A formula adotada tinha que ser aceita – apresentada no Congresso, o Congresso tinha que votar – sob pena de estar cometendo um crime de lesa-“majestade”, no caso, o povo.

Em democracia constitucional o povo não é soberano.

Mas há esse tipo de insights para justificar qualquer barbárie. Veja, Presidente, que nós já tivemos situações, já se pretendeu, que penas já aplicadas, de inelegibilidade, de 03 (três) anos, se convolasse em pena de 08 (oito), dizendo-se que isto não era aplicação retroativa!

Isto não faz mal, apenas, às biografias dos partícipes deste processo. Isto faz muito mal, Presidente, é para a democracia constitucional, porque mostra que os controles são extremamente falhos.

Já falei, Presidente, sobre a igualdade de chance.
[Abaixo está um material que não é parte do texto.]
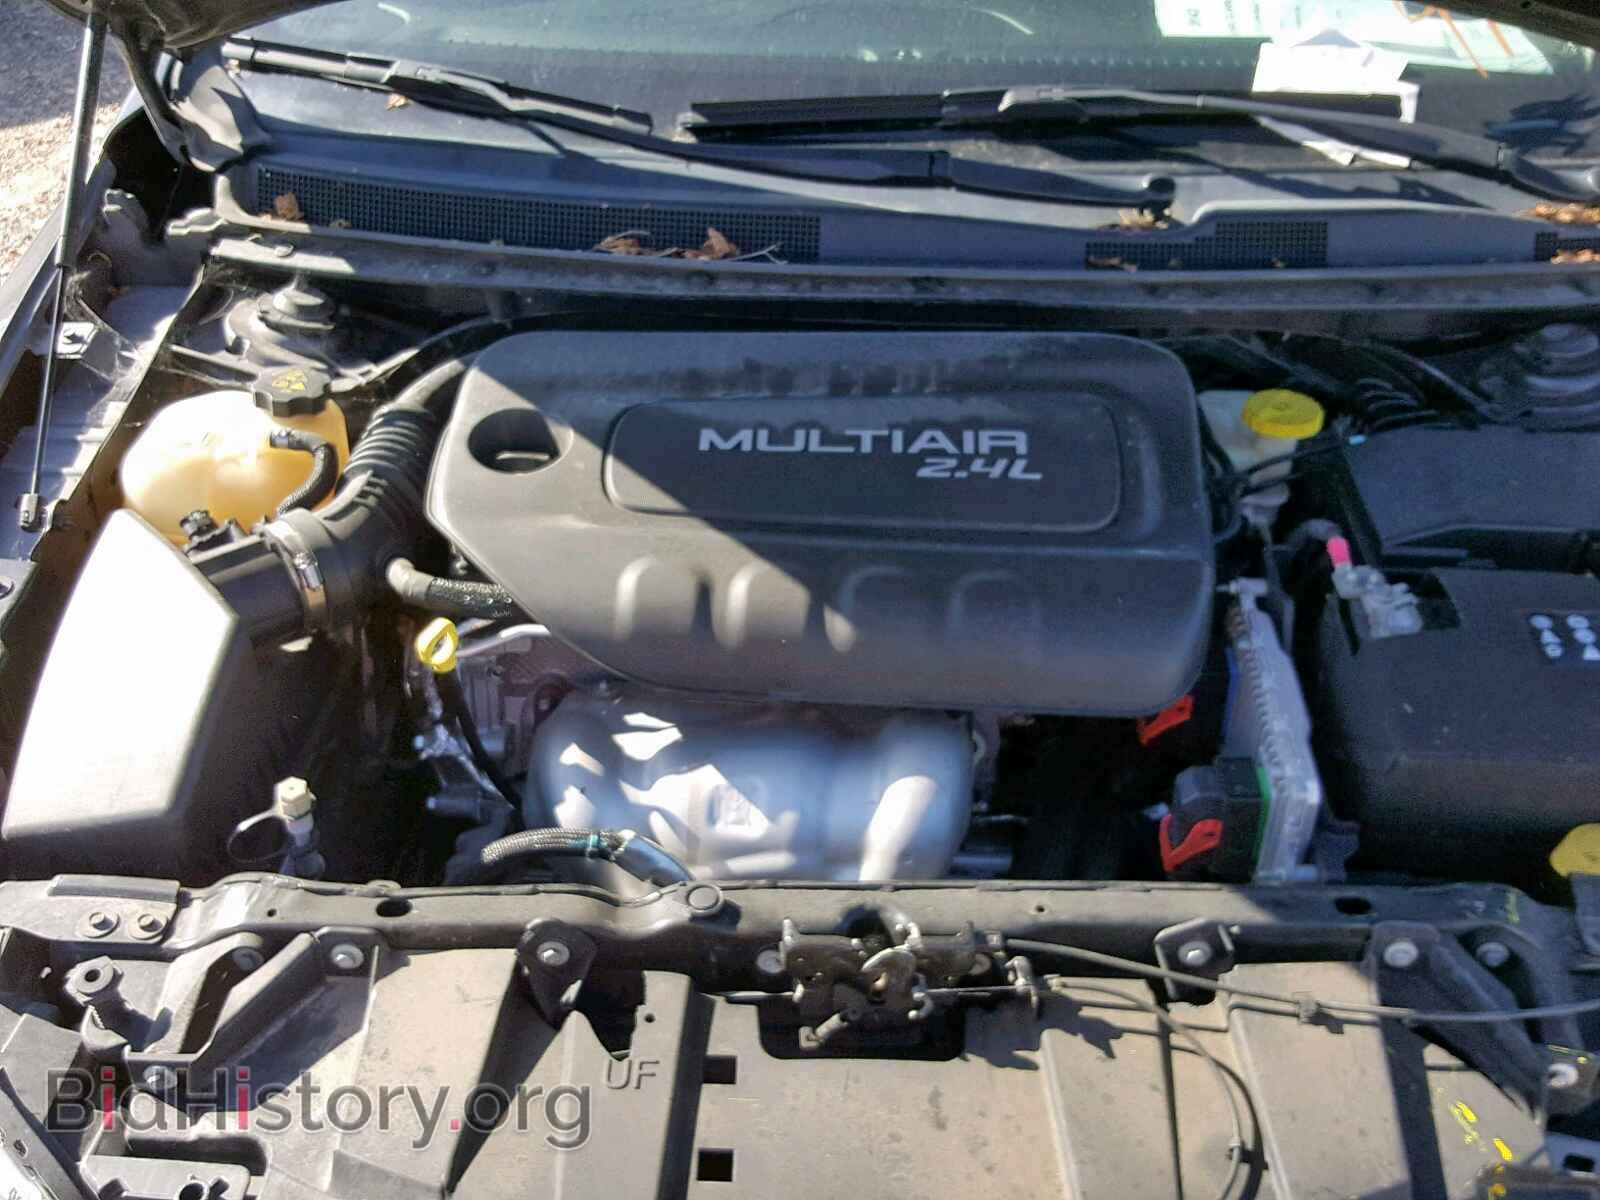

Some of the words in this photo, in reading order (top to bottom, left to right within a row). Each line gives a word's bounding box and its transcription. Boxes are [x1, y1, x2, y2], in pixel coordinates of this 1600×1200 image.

[698, 428, 1028, 455] MULTIAIR
[915, 457, 1043, 480] 2.4L
[605, 1058, 660, 1090] UF
Evidente que este é um princípio, hoje, referendado pela Corte como um princípio constitucional e ela [igualdade] vai restar prejudicada, porque agora passamos a selecionar quem são os adversários a partir deste modelo.

Se disse: ah, mas as condições foram estabelecidas em junho, quando já todos sabiam e os partidos escolheram, assim mesmo, os candidatos. Na discussão passada, nós vimos que o processo eleitoral é muito mais complexo. Não se constrói um candidato de uma hora para outra. A nulificação de um candidato, obviamente, tem efeitos definitórios de uma eleição, Presidente. Não sejamos ingênuos. É disso que se cuida quando se faz lei de teor casuístico. É disso que se cuida quando se afronta a essa idéia – básica – da igualdade.

É fundamental, Presidente, portanto, que nós estejamos atentos a essas conseqüências das decisões que tomamos: nós podemos estar comprometendo o modelo de democracia constitucional, estimulando essas aventuras, a feitura dessas leis de caráter casuístico e oportunistico. É preciso ter muito cuidado.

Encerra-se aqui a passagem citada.